- AIM OF THE TASK
Beginning with the first line below, output every record verbatim and leave out the images.

- EXERCISE INPUT
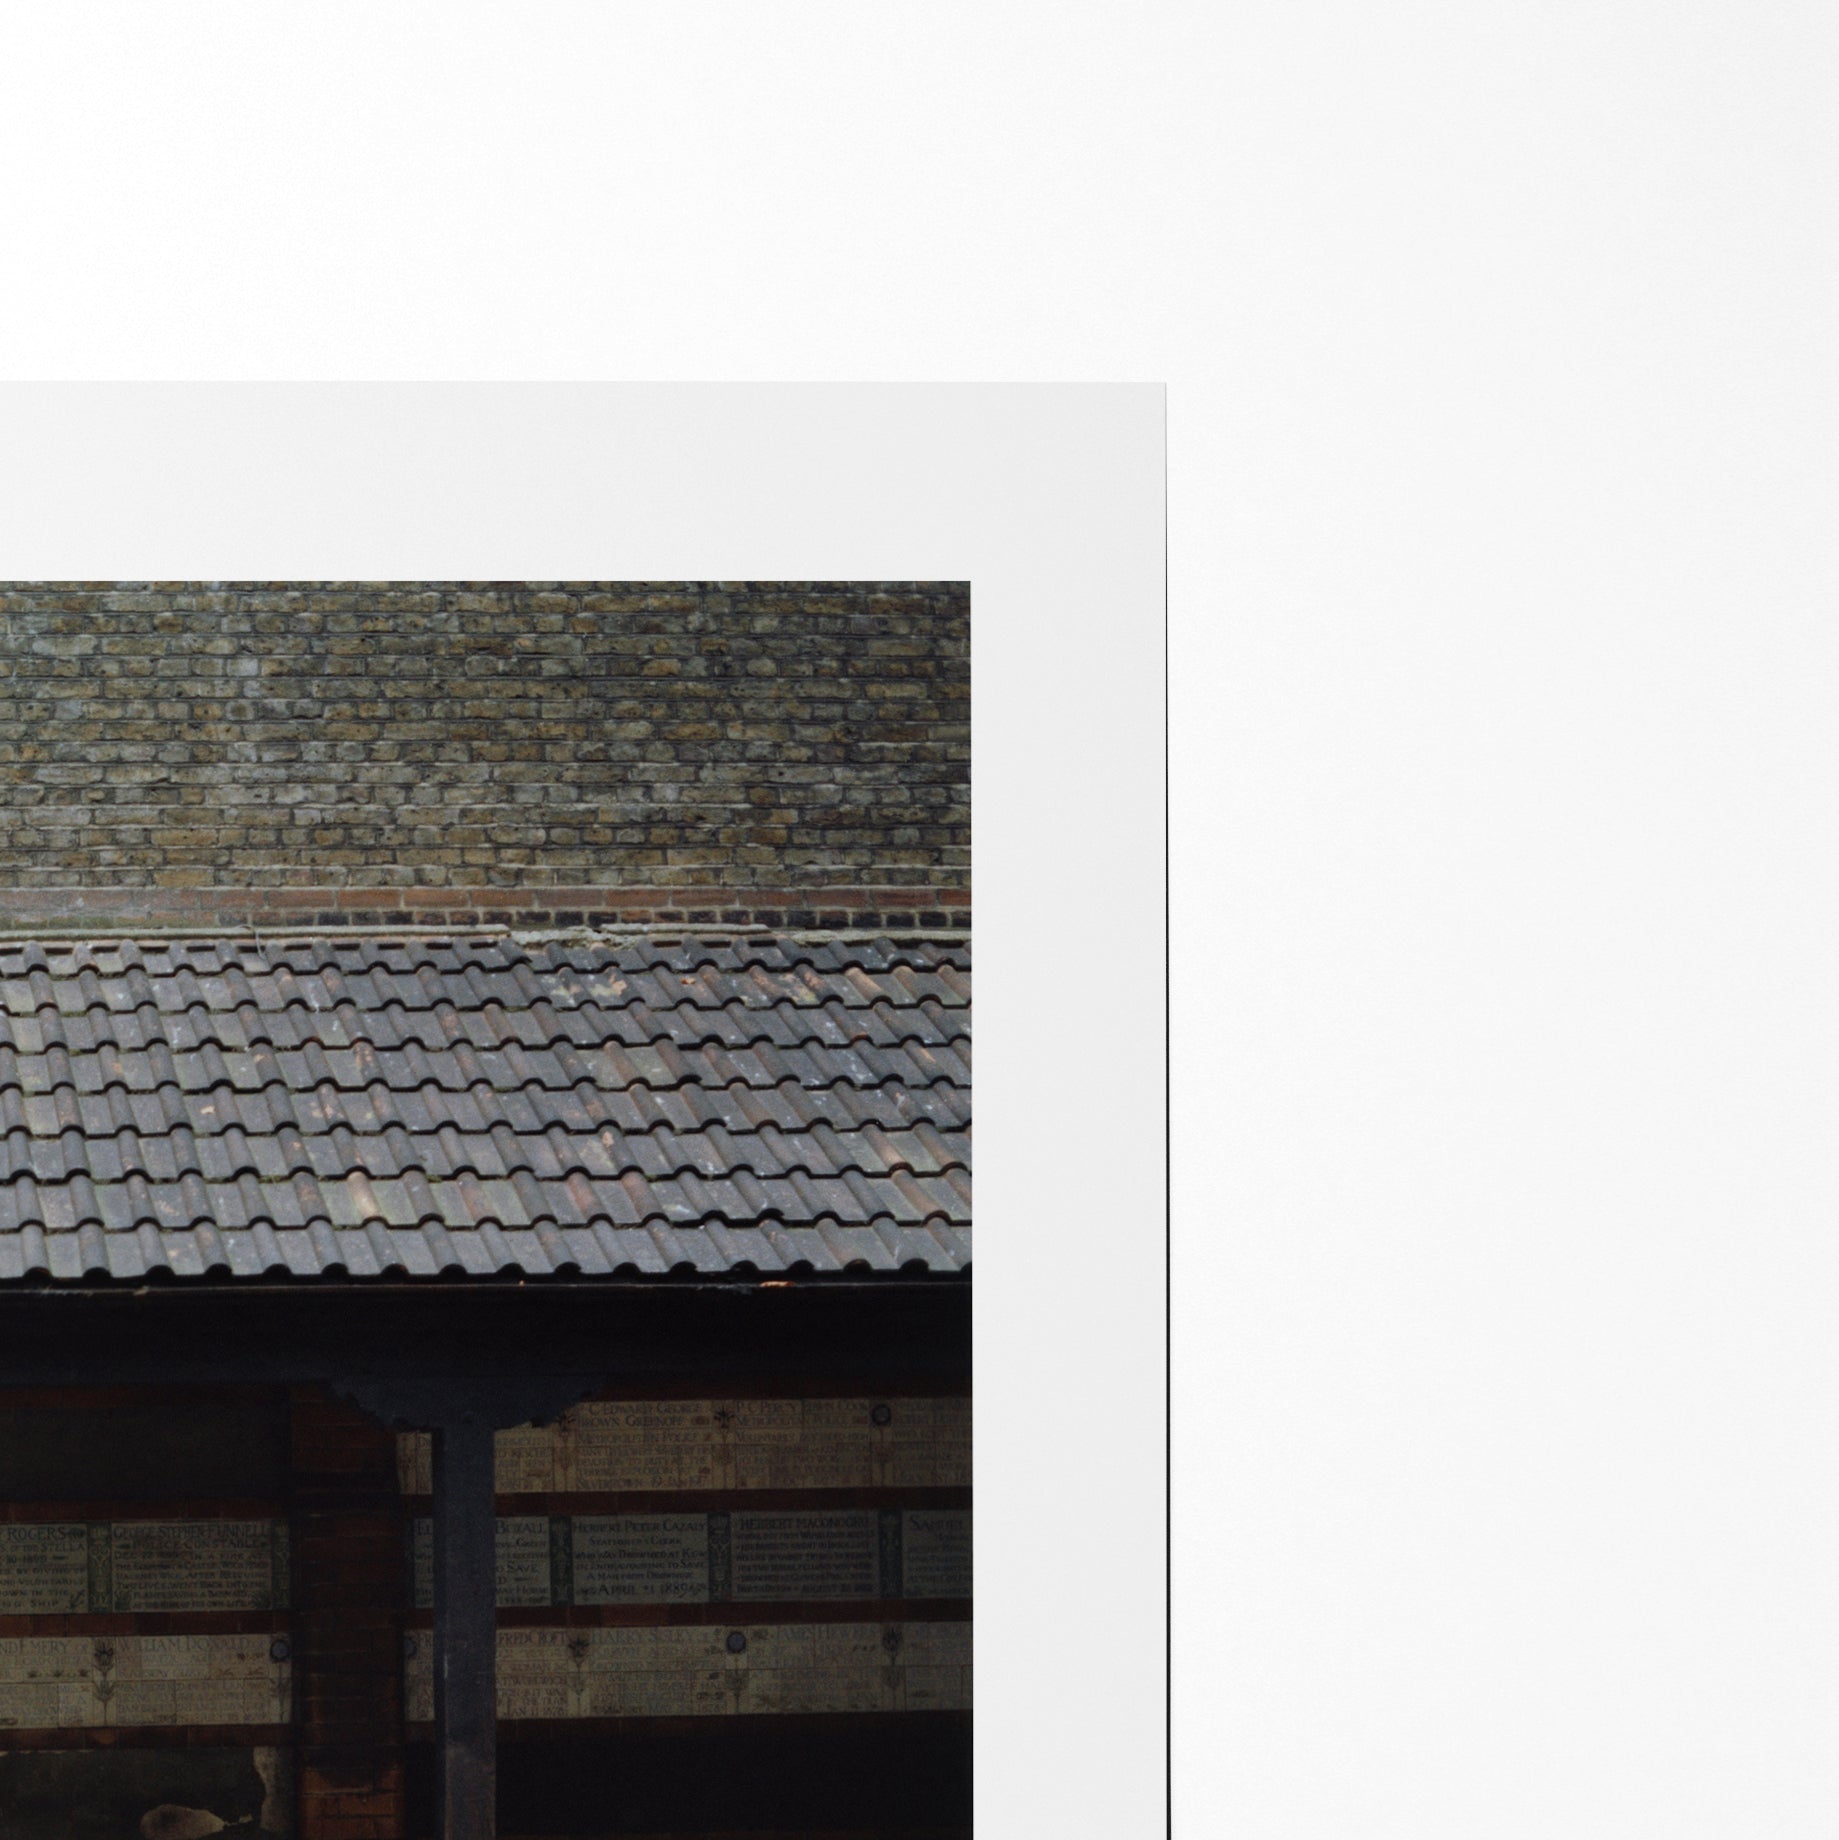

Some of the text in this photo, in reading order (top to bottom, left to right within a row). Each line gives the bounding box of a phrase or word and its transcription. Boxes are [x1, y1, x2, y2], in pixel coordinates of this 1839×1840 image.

[8, 1527, 66, 1542] ROGERS
[41, 1543, 85, 1552] STELLA
[507, 1561, 539, 1573] SAVE
[599, 1584, 635, 1595] APRIL

- RESULT OF THE EXERCISE
Some of the text in this photo, in reading order (top to bottom, left to right within a row). Each line gives the bounding box of a phrase or word and its transcription. Boxes are [x1, y1, x2, y2], in pixel coordinates of this 1839×1840 image.

[8, 1527, 66, 1542] ROGERS
[41, 1543, 85, 1552] STELLA
[507, 1561, 539, 1573] SAVE
[599, 1584, 635, 1595] APRIL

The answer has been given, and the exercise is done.